YOUR OBJECTIVE: From the first line to the last, give the material again exactly, without the images.

DATA PROVIDED:
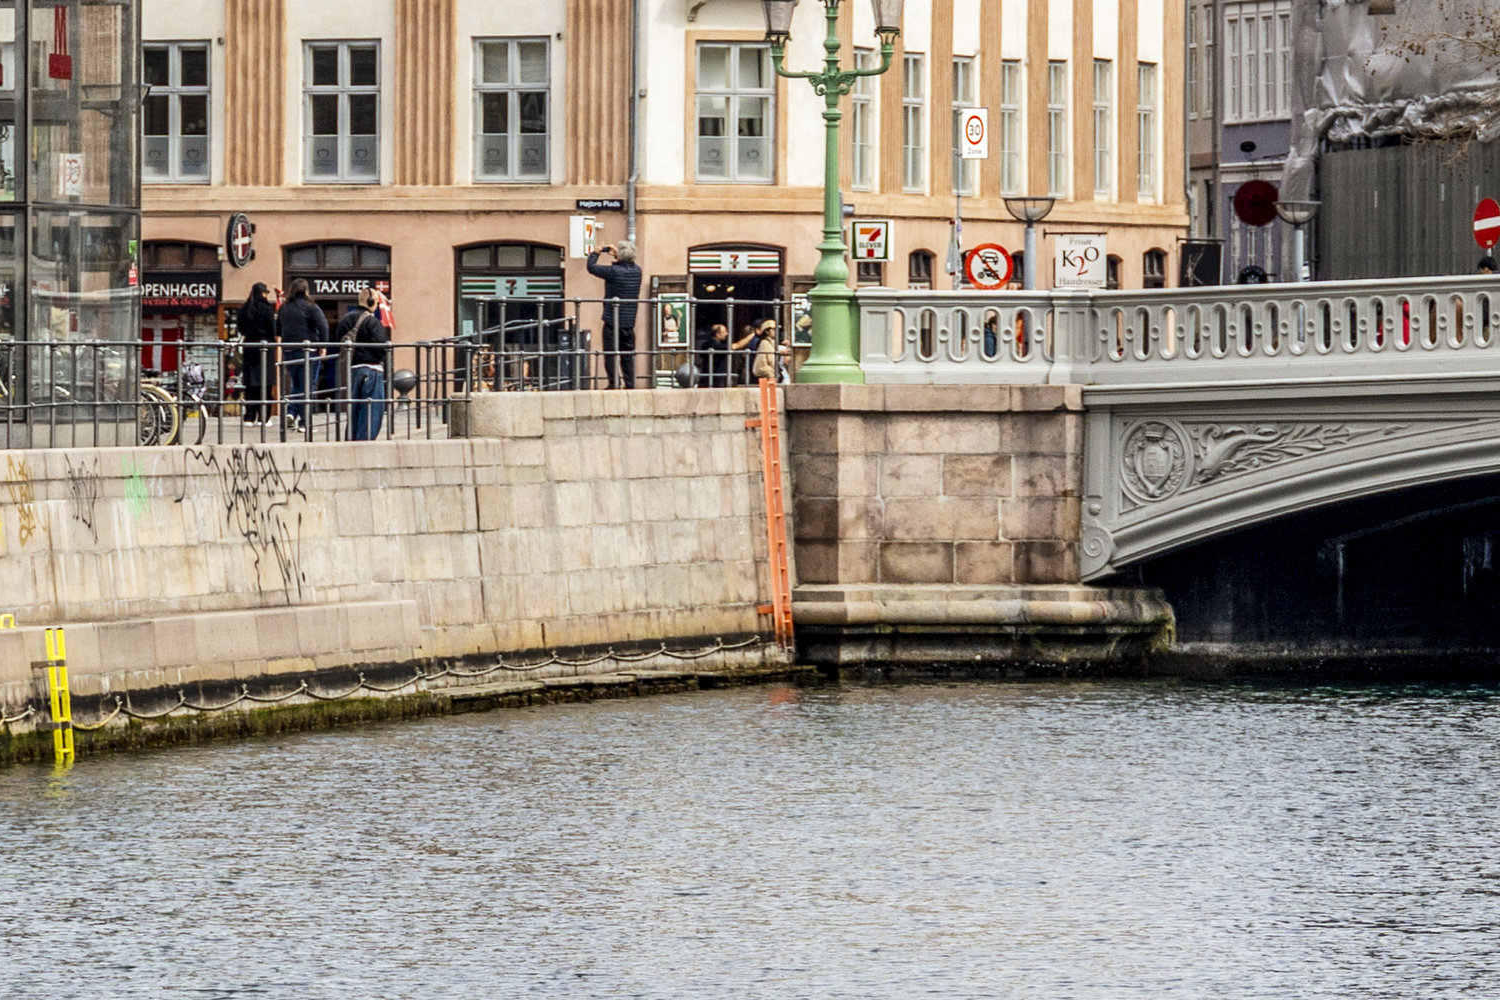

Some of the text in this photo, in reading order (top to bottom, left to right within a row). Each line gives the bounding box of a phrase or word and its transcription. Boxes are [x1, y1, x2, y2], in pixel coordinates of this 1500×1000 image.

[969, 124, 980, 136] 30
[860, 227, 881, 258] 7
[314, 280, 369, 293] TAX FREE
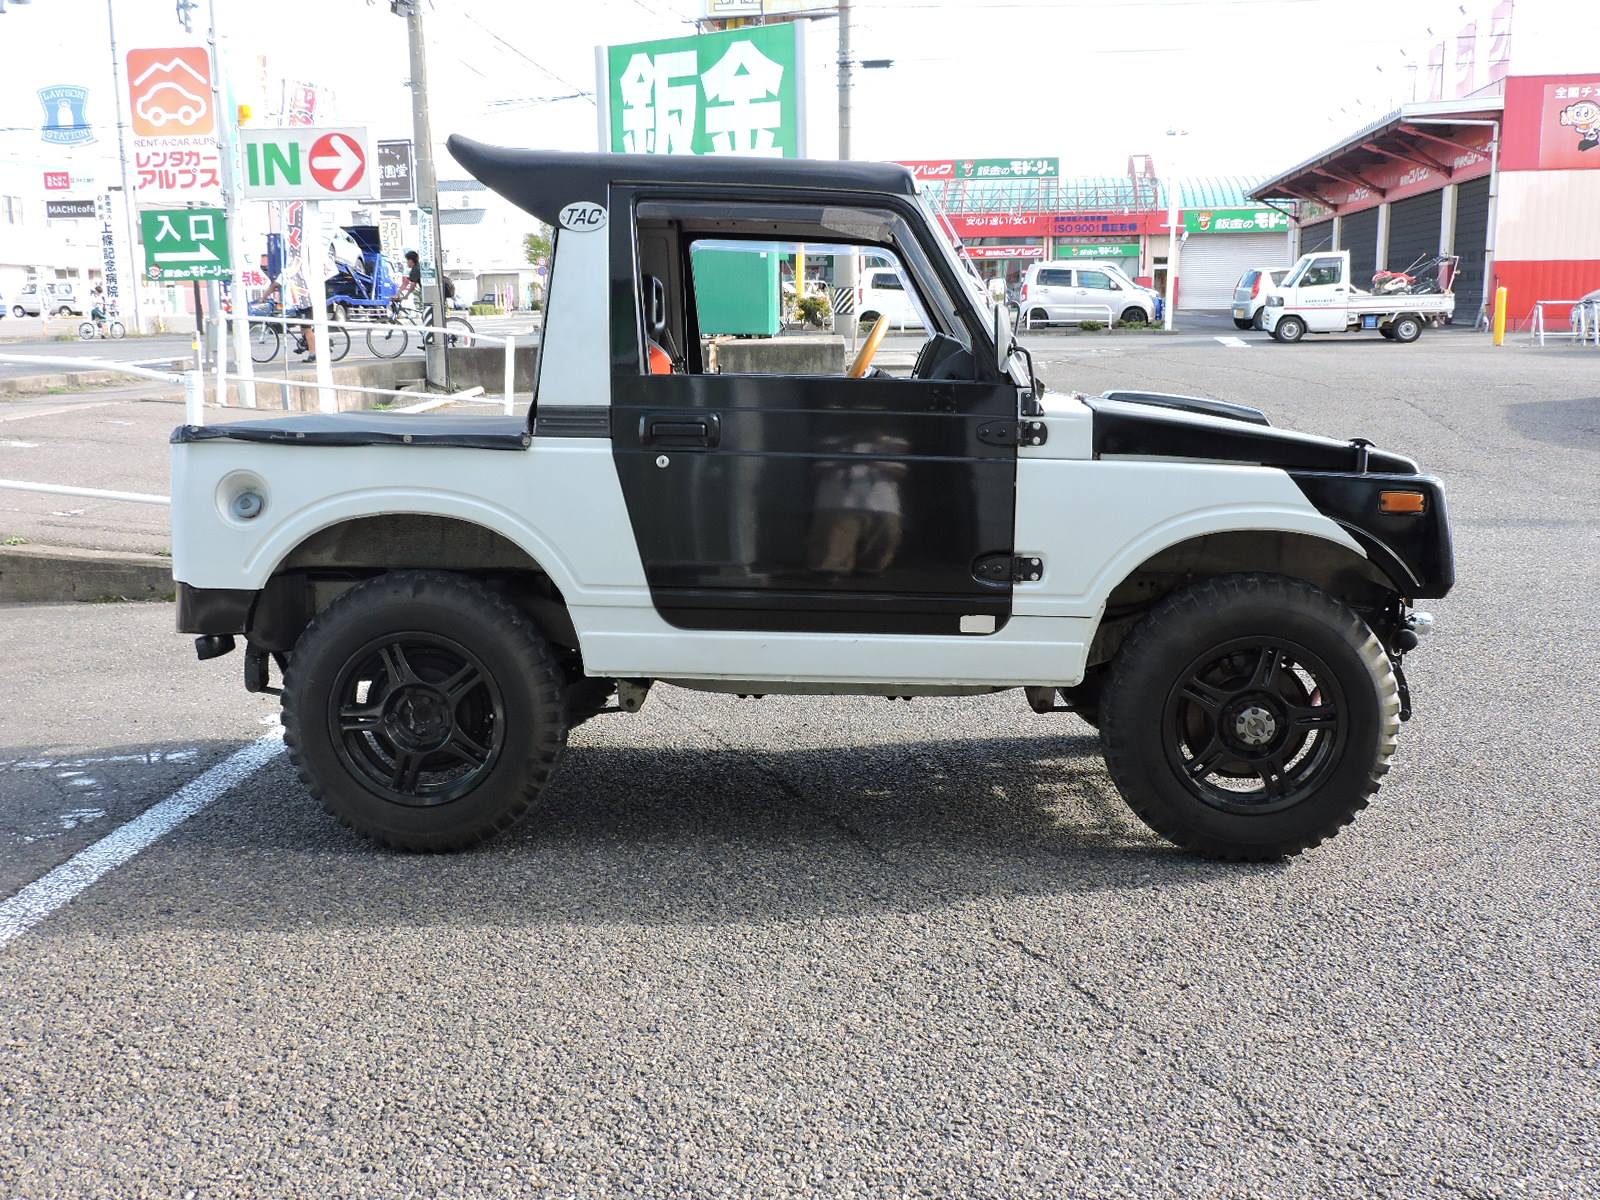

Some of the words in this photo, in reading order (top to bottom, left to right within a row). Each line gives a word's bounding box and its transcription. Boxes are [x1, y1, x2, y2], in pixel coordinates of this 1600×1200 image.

OUTPUT OF THE TASK:
Some of the text in this photo, in reading order (top to bottom, left to right within a row). Each line gives the bounding box of a phrase or word and its transcription. Boxes are [x1, y1, x2, y2], in pixel coordinates of this 1500×1000 image.

[969, 124, 980, 136] 30
[860, 227, 881, 258] 7
[314, 280, 369, 293] TAX FREE

Some of the words in this photo, in reading order (top to bottom, left to right within a row). Each line gives a word's bounding box and its transcription. Boxes are [x1, y1, x2, y2], in pixel coordinates of this 1600×1200 image.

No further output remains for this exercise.